More than 2.8 million German soldiers surrendered on the Western Front between D-Day and the end of April 1945; 1.3 million between D-Day and March 31, 1945;[1] and 1.5 million of them in the month of April.[2] From early March these surrenders seriously weakened the Wehrmacht in the West, and made further surrenders more likely, thus having a snowballing effect. On March 27, Dwight D. Eisenhower declared at a press conference that the enemy were a whipped army.[3] In March the daily rate of POWs taken on the Western Front was 10,000;[4] in the first 14 days of April it rose to 39,000[5] and in the last 16 days the average peaked at 59,000 soldiers captured each day.[6] The number of prisoners taken in the west in March and April was over 1,800,000,[7] more than double the 800,000 German soldiers who surrendered to the Russians in the last three or four months of the war.[8]

The western allies also took 134,000 German soldiers prisoner in North Africa,[9] and at least 220,000 by the end of April 1945 in the Italian campaign.[9] The total haul of German POWs held by the western allies by April 30, 1945 in all theatres of war was over 3,150,000, rising in NW Europe to 7,614,790 after the end of the war.[10]

It is worth noting that the allied armies which captured the 2.8 million German soldiers up to April 30, 1945, while Adolf Hitler was still alive and resisting as hard as he could, comprised at their peak 88 divisions,[11] which amounted to roughly 1.2 to 1.4 million men. The casualties suffered by the western allies in making this contribution to the defeat of the Wehrmacht were relatively light, 164,590 killed and 78,680 taken prisoner,[12] a total loss of 243,270 to inflict a loss of 2.8 million on the German army.

Time-line of German surrenders in the west

After the D-Day landings German surrenders initially came quite slowly. By June 9 only 4,000 prisoners had been taken,[13] increasing to 15,000 by June 18.[14] The total for June was 47,000,[15] dropping to 36,000 in July;[15] 135,000 were taken in the month subsequent to July 25.[16] August’s total was 150,000.[15] The total number of prisoners attributed to the Normandy campaign was 200,000.[17]

With the successful invasion of the south of France on August 15 and the link-up of the US 7th Army from the south and the US 3rd Army from the north on September 11,[18] all the German troops remaining in central and west France were cut off.
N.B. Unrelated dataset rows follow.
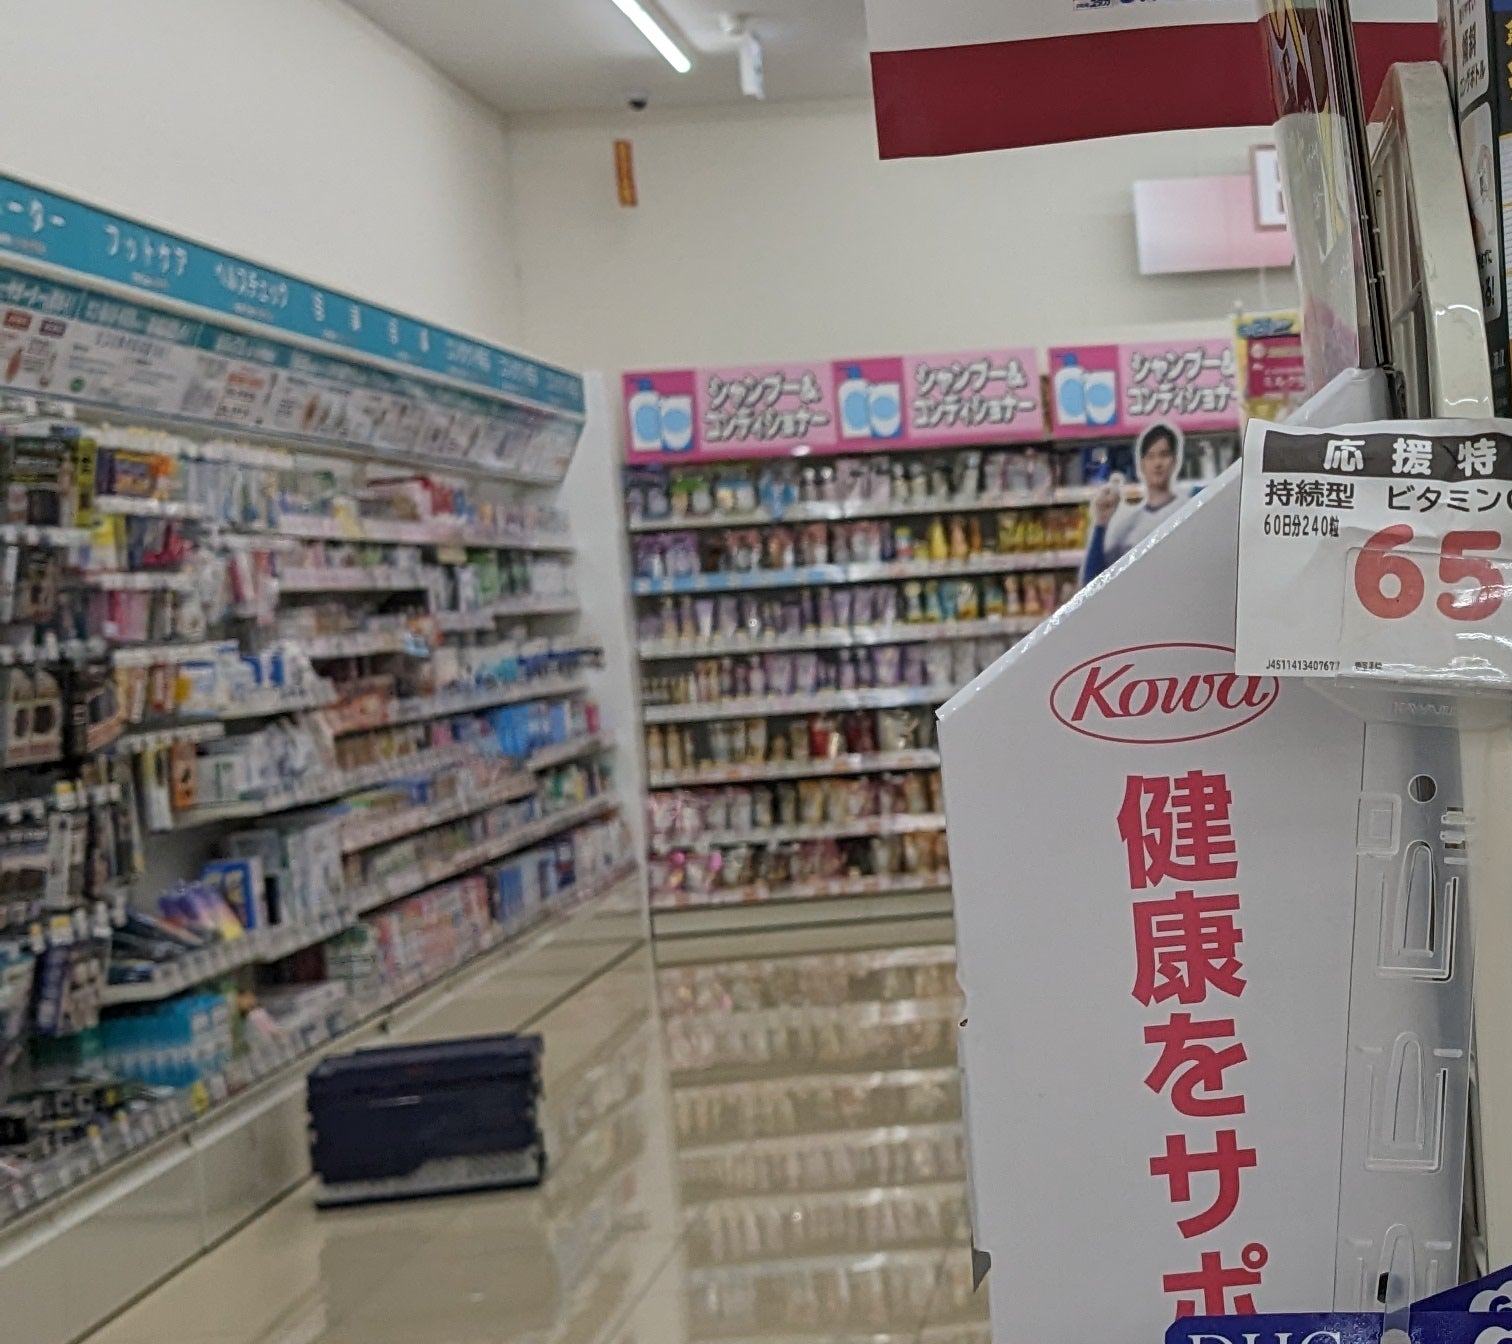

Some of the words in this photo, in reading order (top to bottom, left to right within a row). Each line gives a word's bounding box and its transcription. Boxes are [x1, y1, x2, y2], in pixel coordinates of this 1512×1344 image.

[1264, 480, 1355, 509] 持続型
[1264, 515, 1339, 538] 60日分240粒
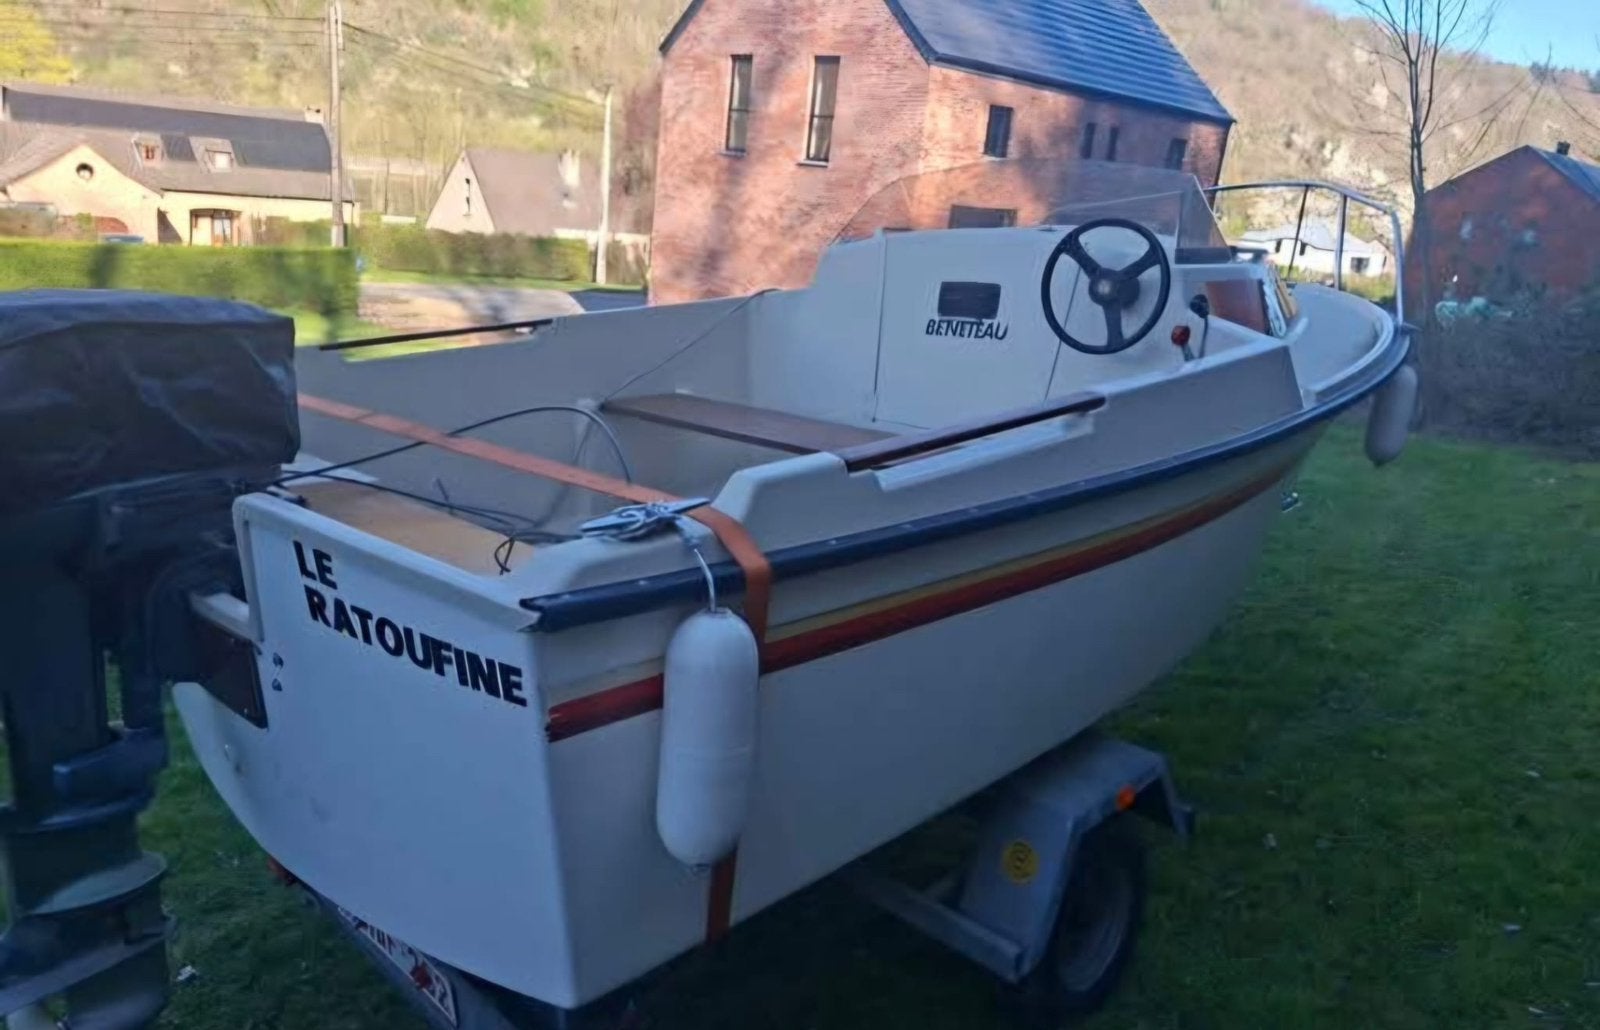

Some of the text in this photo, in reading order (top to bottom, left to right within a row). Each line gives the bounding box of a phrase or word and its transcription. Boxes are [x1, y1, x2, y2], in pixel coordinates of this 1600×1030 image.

[925, 319, 1009, 340] BENETEAU
[293, 540, 338, 590] LE
[304, 585, 528, 707] RATOUFINE
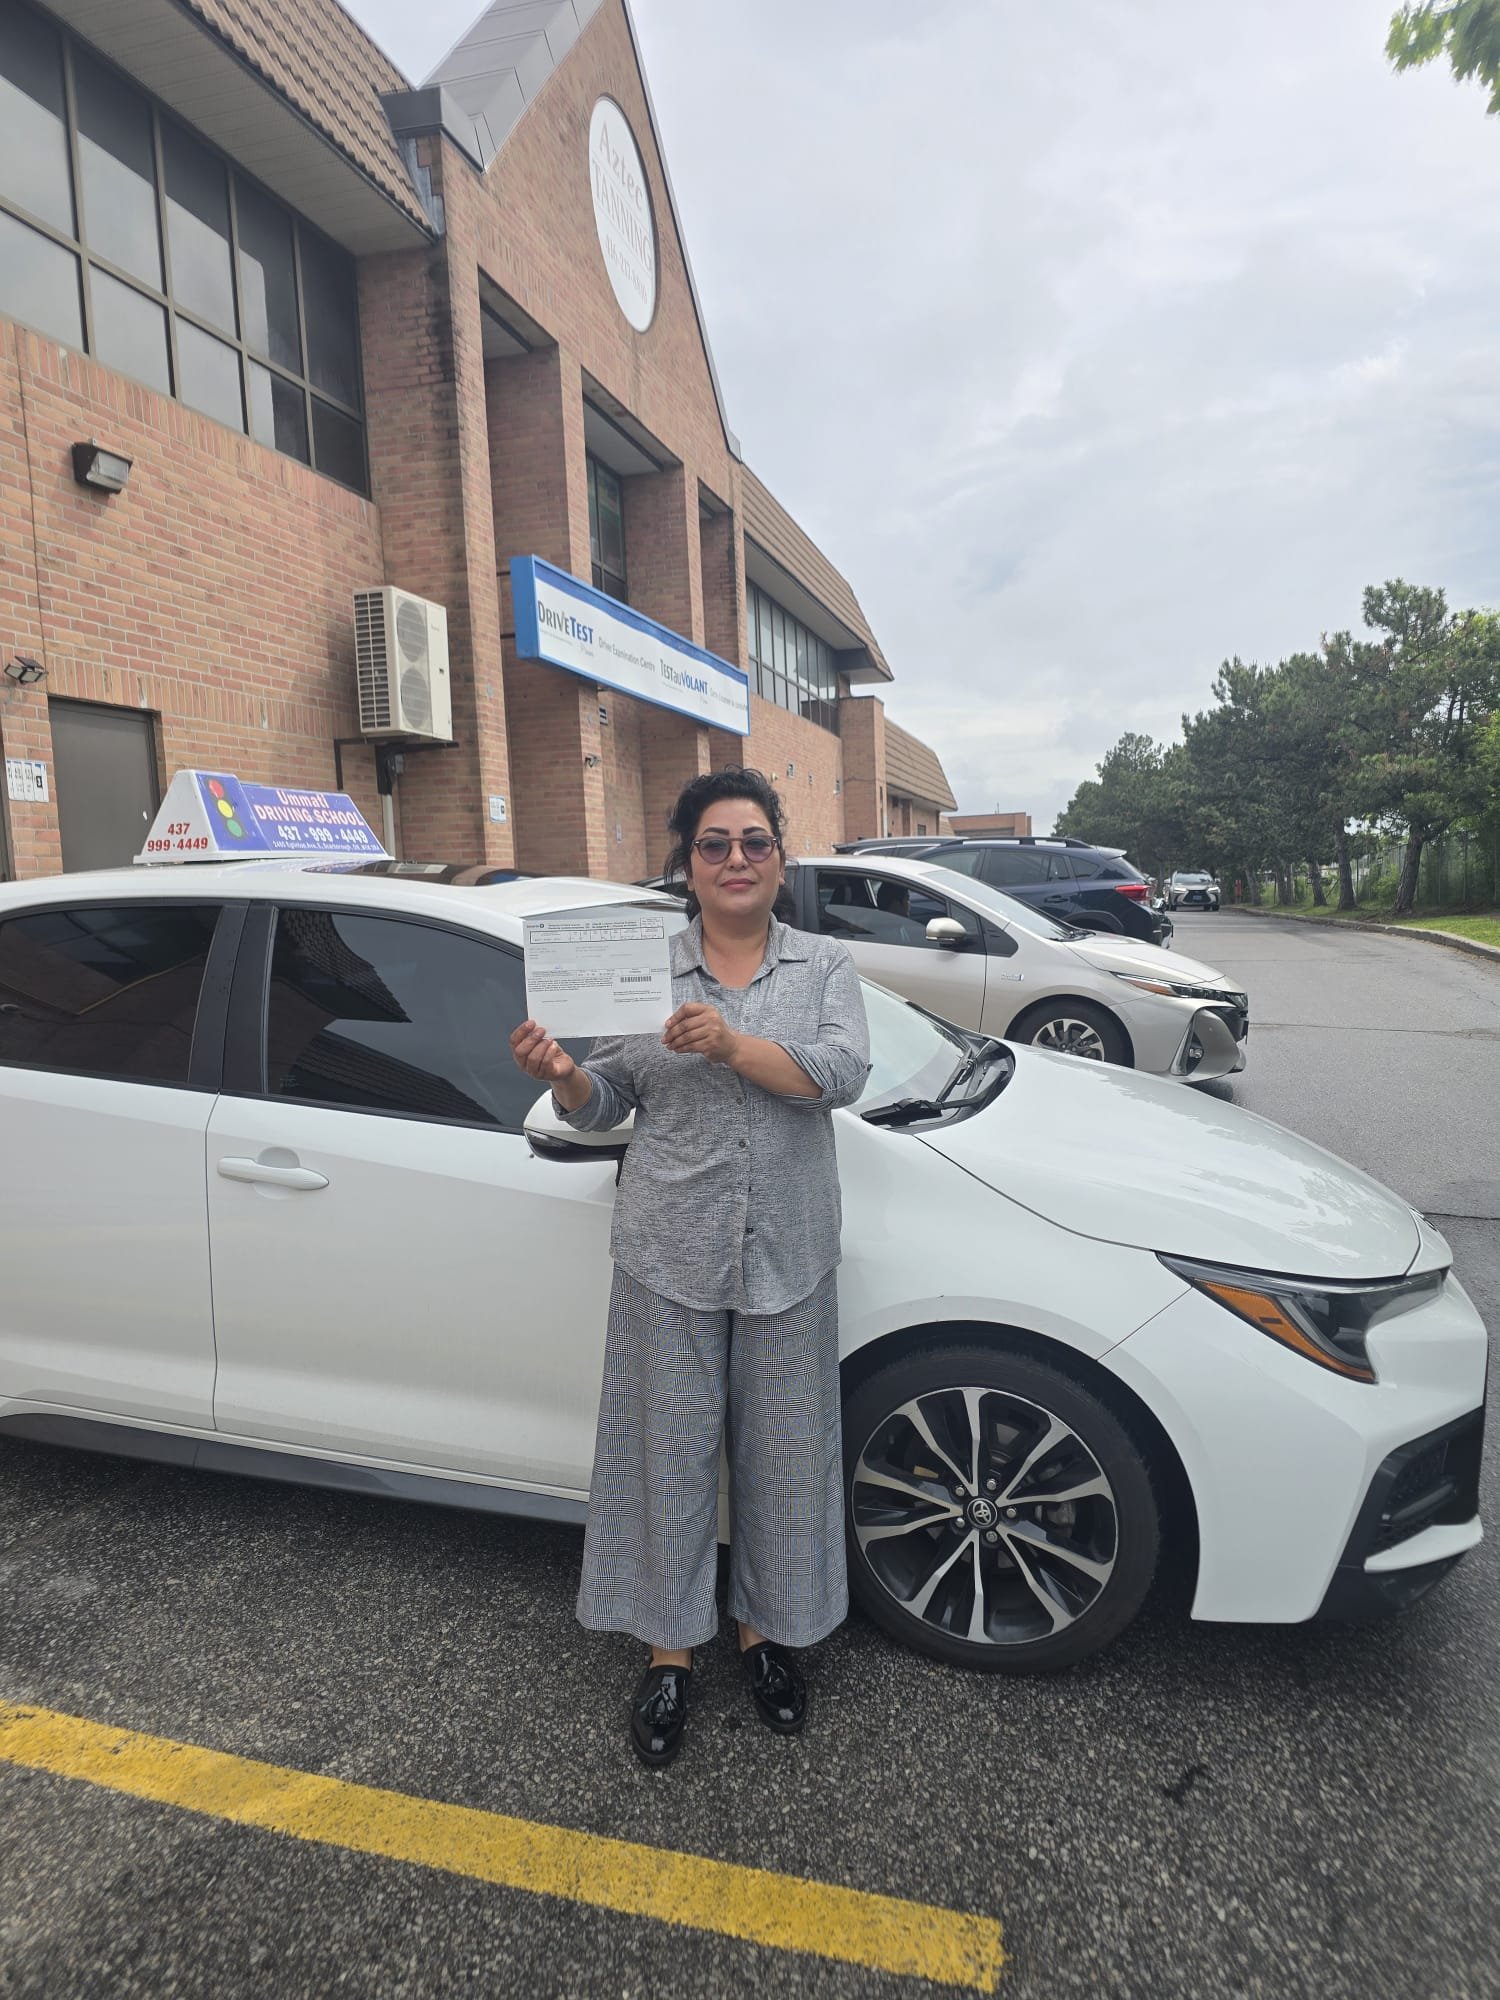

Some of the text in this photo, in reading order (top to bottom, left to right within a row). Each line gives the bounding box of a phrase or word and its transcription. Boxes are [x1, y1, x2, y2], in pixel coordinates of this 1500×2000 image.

[600, 120, 643, 210] Aztec
[592, 158, 652, 271] TANNING
[276, 790, 330, 808] Ummati
[255, 805, 364, 826] DRIVING SCHOOL
[167, 822, 191, 835] 437
[277, 825, 301, 841] 437
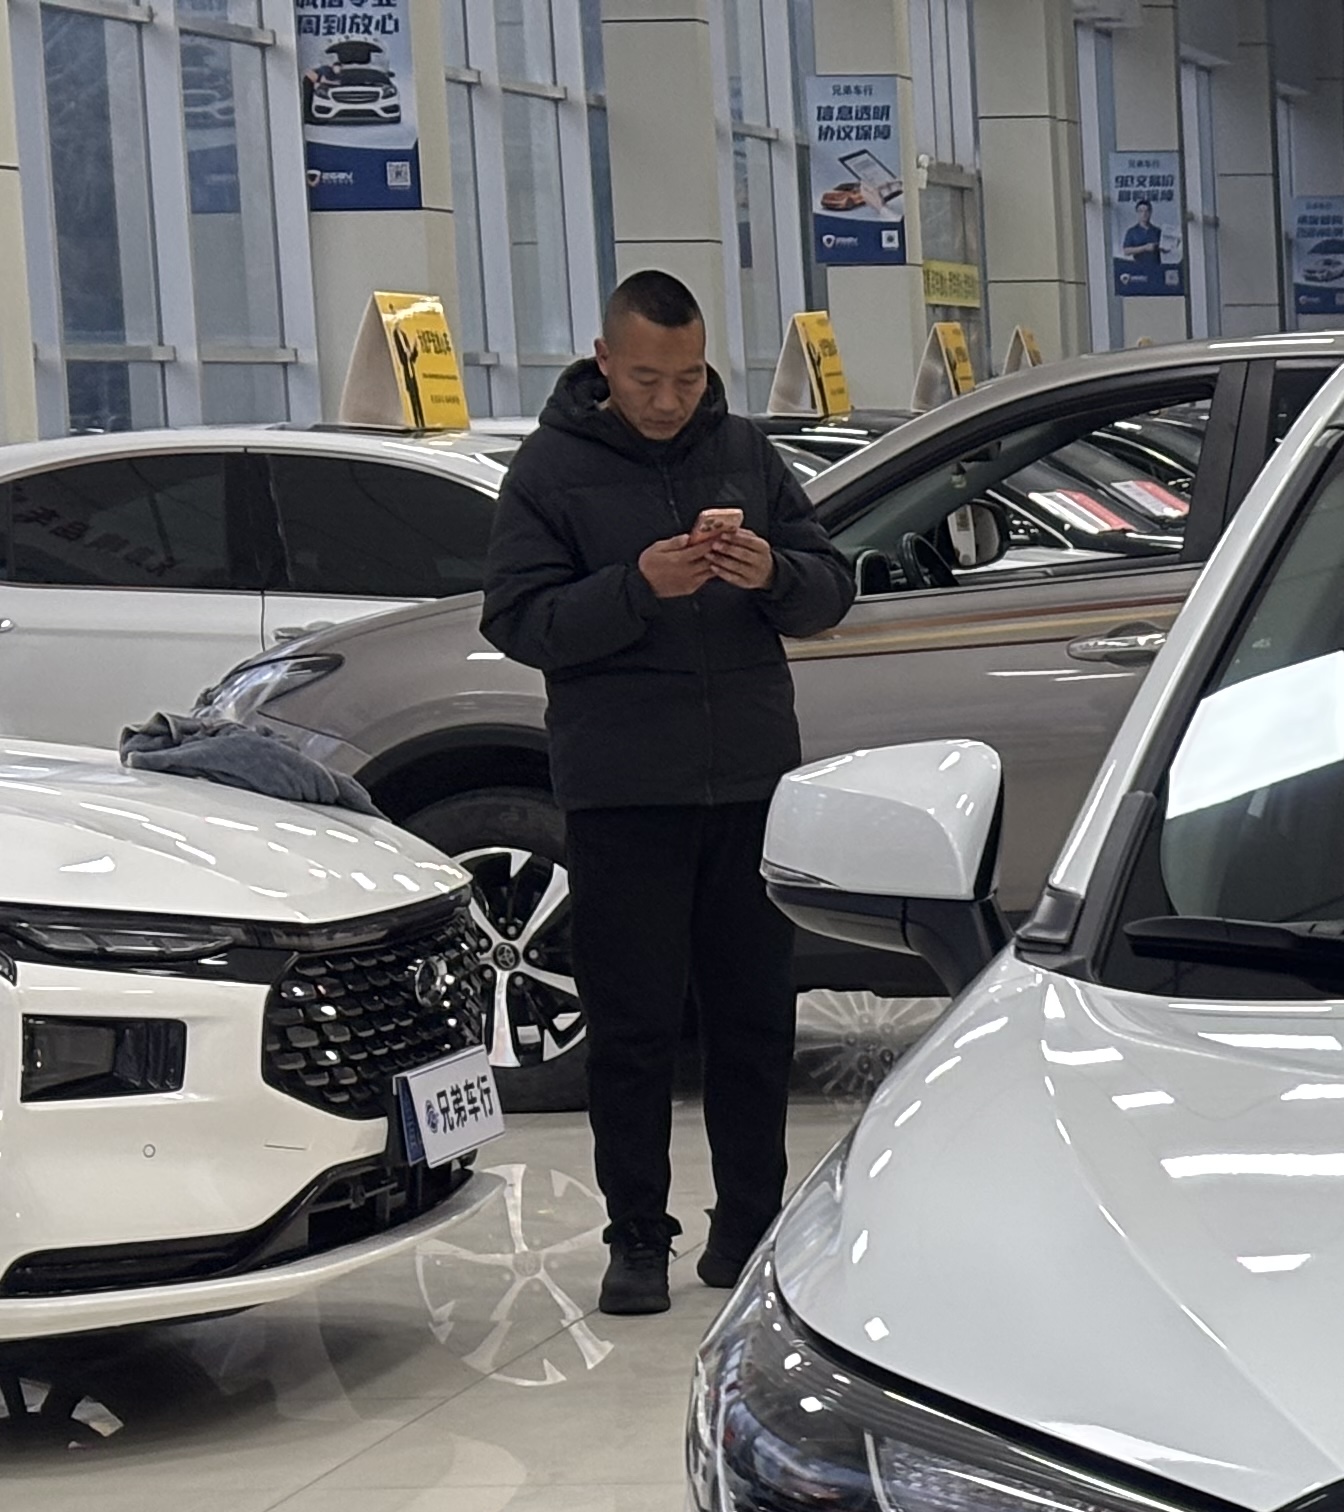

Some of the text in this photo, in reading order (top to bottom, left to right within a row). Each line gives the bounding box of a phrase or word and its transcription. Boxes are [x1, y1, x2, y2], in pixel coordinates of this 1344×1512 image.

As a result, and also including the German troops who surrendered in the hot pursuit to the northern border from Normandy, 344,000 German soldiers surrendered to the western allies in September.[15] This was one of the largest German losses in a single month of the war so far. To put it in perspective, 41,000 British troops surrendered after Dunkirk,[19] 138,000 British and Indian soldiers surrendered at Singapore,[20] 173,000 UK military became POWs in the entire course of the war,[21] in Europe and the Far East, while the corresponding figure for the US was 130,000 POWs.[22]

Up to October 17, 1944, 610,541 German soldiers surrendered on the western front.[23] Between October 17 and February 5, 1945, this total of German POWs taken in north-west Europe increased to 860,000.[24] 250,000 POWs were captured between October 17 and February 5 at a rate of 65,000 a month. By February 22, a further 40,000[25] German soldiers had surrendered and the total number from D-Day until the end of February was over 940,000.[15]

In March 1945, the numbers of German soldiers surrendering accelerated. Eisenhower said they were surrendering at a rate of ten thousand a day[26] but actually approaching 350,000 surrendered in the whole month,[7] bringing the total between D-Day and the end of March 1945 up to 1,300,000.[1] The reason why so many surrendered in March was because Hitler did not allow a fluid response and orderly retreat before the western allies’ advance towards the Rhine, so that many German soldiers were trapped in indefensible positions to the west of the Rhine, where they were forced to surrender. Eisenhower referred to the Wehrmacht as a ‘whipped army’ on March 27.[3] In his book Crusade in Europe, Eisenhower wrote ‘We owed much to Hitler’,[27] because he prevented his generals from pulling back the defending forces to the east of the Rhine, probably no later than early January, thus handing the western allies 300,000 prisoners on a plate.[27]

The loss of these battle-hardened soldiers irretrievably weakened the German armies left to defend the great natural barrier of the Rhine, and the disintegration of the German armies in the west is shown in their more and more rapid rate of surrender as April progressed.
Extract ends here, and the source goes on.